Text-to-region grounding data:
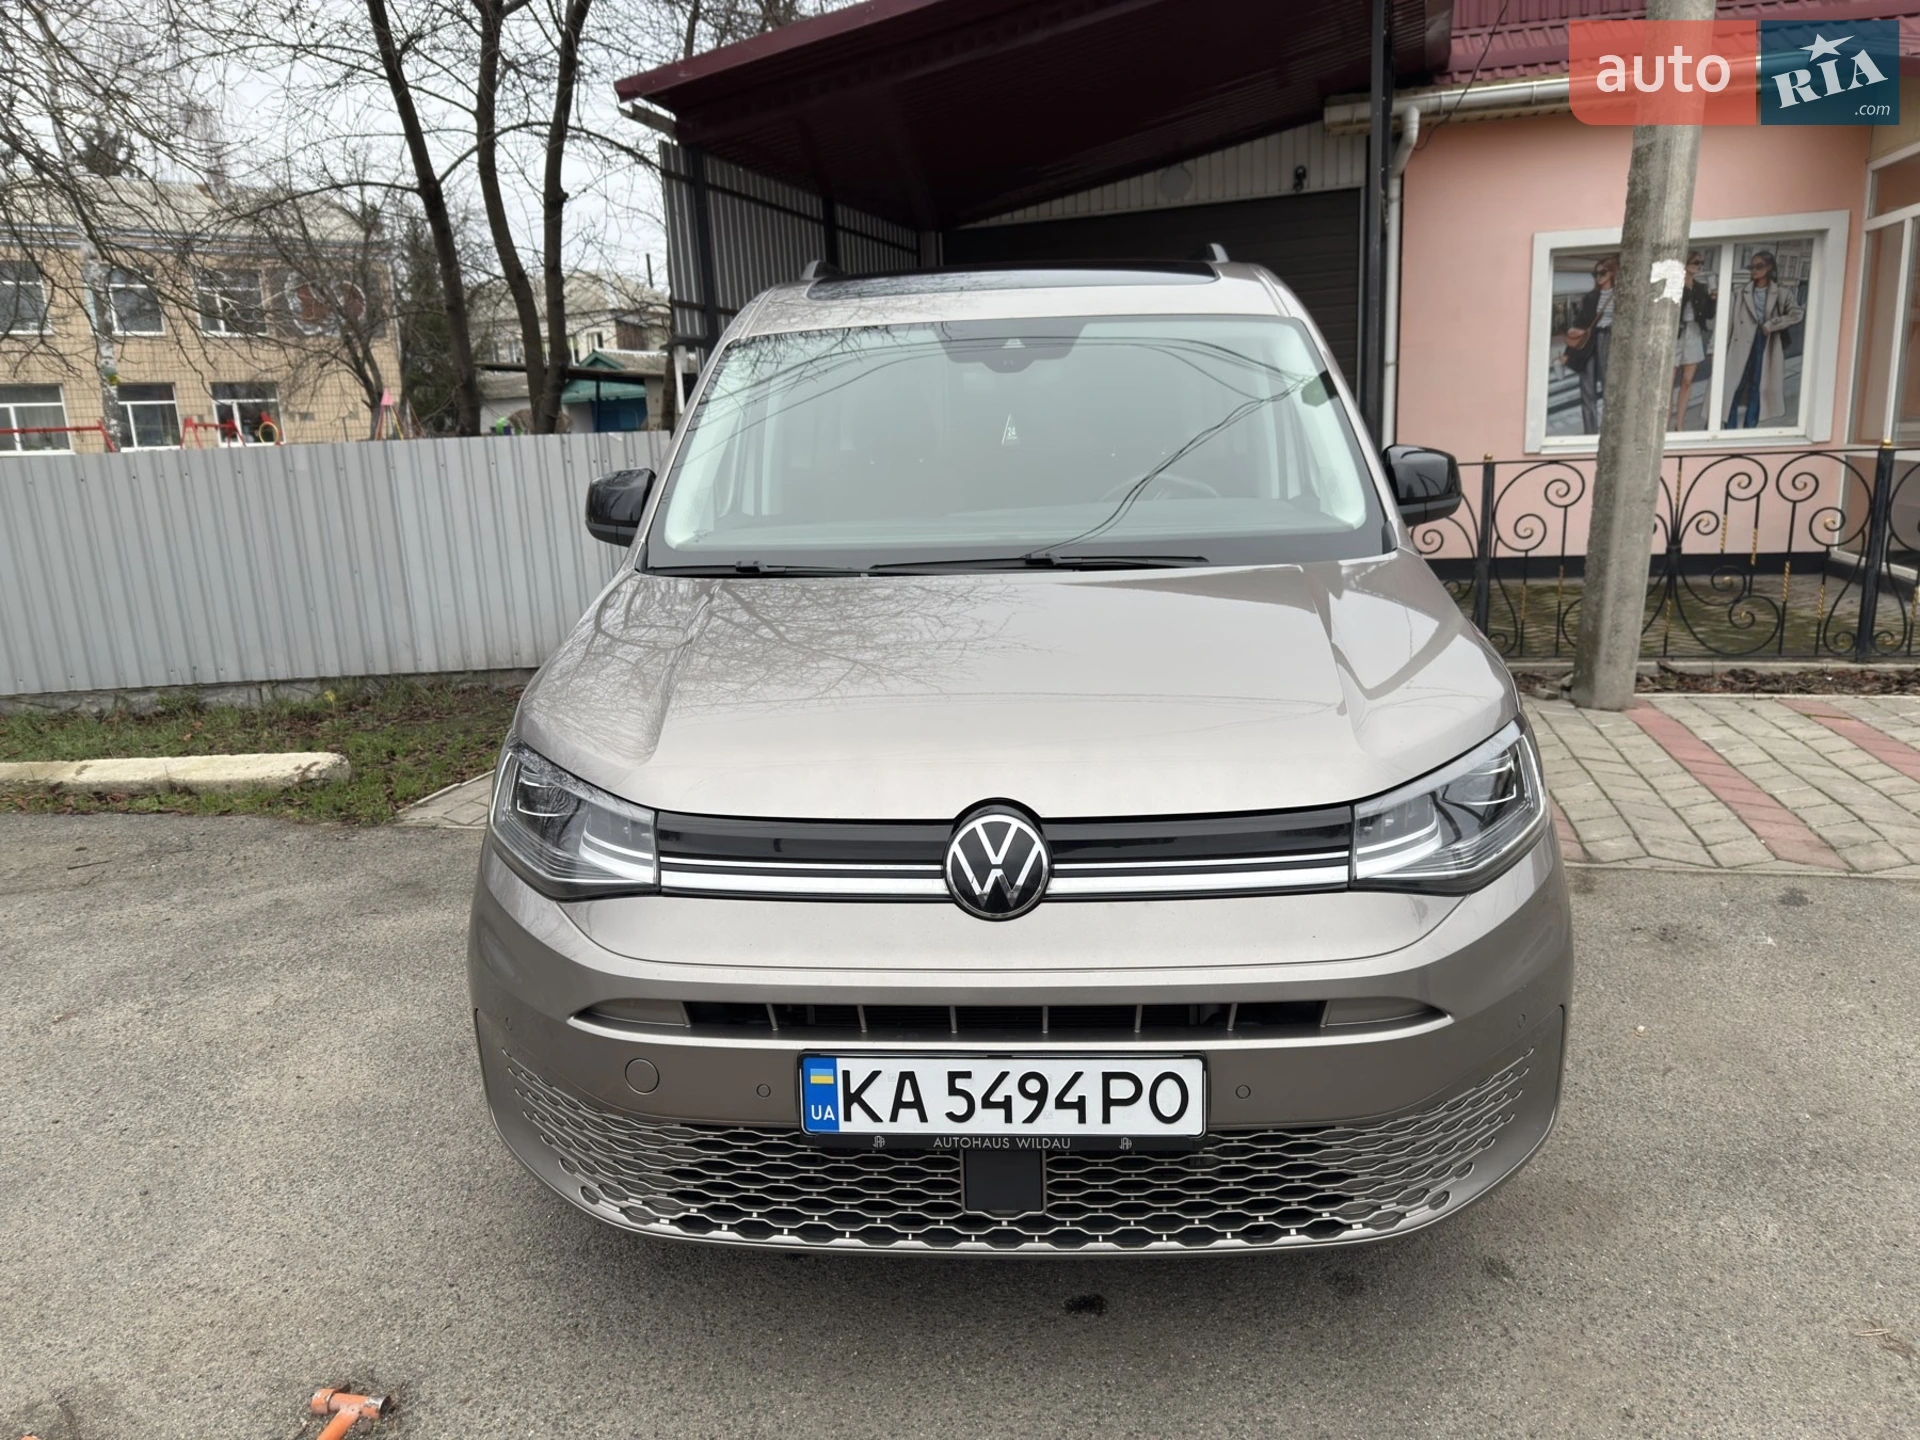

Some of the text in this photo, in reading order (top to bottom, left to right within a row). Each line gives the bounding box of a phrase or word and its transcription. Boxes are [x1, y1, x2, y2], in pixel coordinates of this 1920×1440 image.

[842, 1070, 1189, 1124] KA 5494 PO
[811, 1104, 836, 1121] UA
[933, 1137, 1071, 1149] AUTOHAUS WILDAU
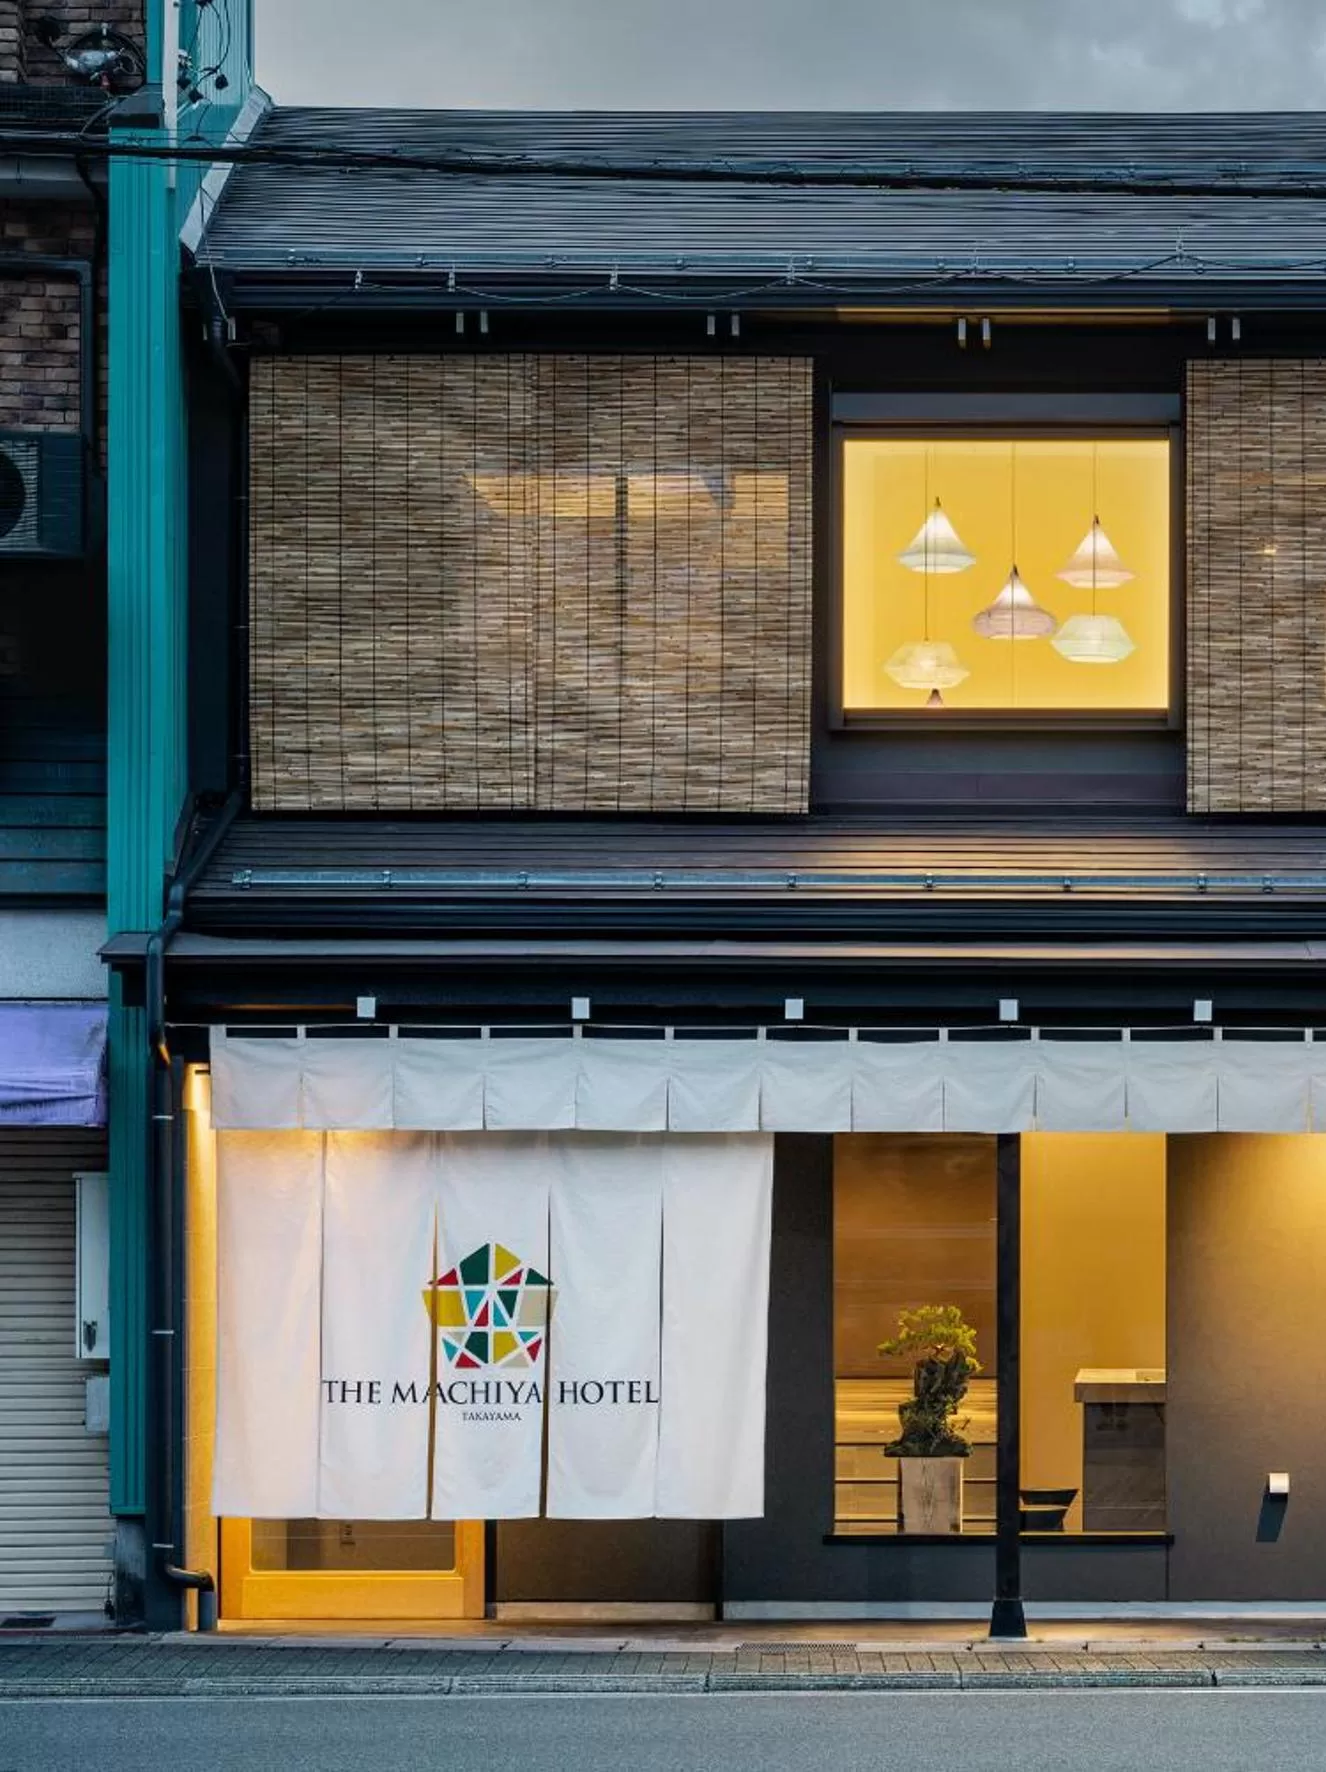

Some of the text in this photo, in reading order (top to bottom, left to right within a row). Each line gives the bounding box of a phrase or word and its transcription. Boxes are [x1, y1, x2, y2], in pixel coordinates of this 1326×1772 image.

Exercise brief: With the images left out, output all the entries above exactly.

Exercise output:
Some of the text in this photo, in reading order (top to bottom, left to right within a row). Each line gives the bounding box of a phrase or word and its transcription. Boxes are [x1, y1, x2, y2], in pixel coordinates of this 1920×1440 image.

[842, 1070, 1189, 1124] KA 5494 PO
[811, 1104, 836, 1121] UA
[933, 1137, 1071, 1149] AUTOHAUS WILDAU

Some of the text in this photo, in reading order (top to bottom, left to right within a row). Each line gives the bounding box of a phrase or word and its transcription. Boxes are [x1, y1, x2, y2], in pixel coordinates of this 1326×1772 image.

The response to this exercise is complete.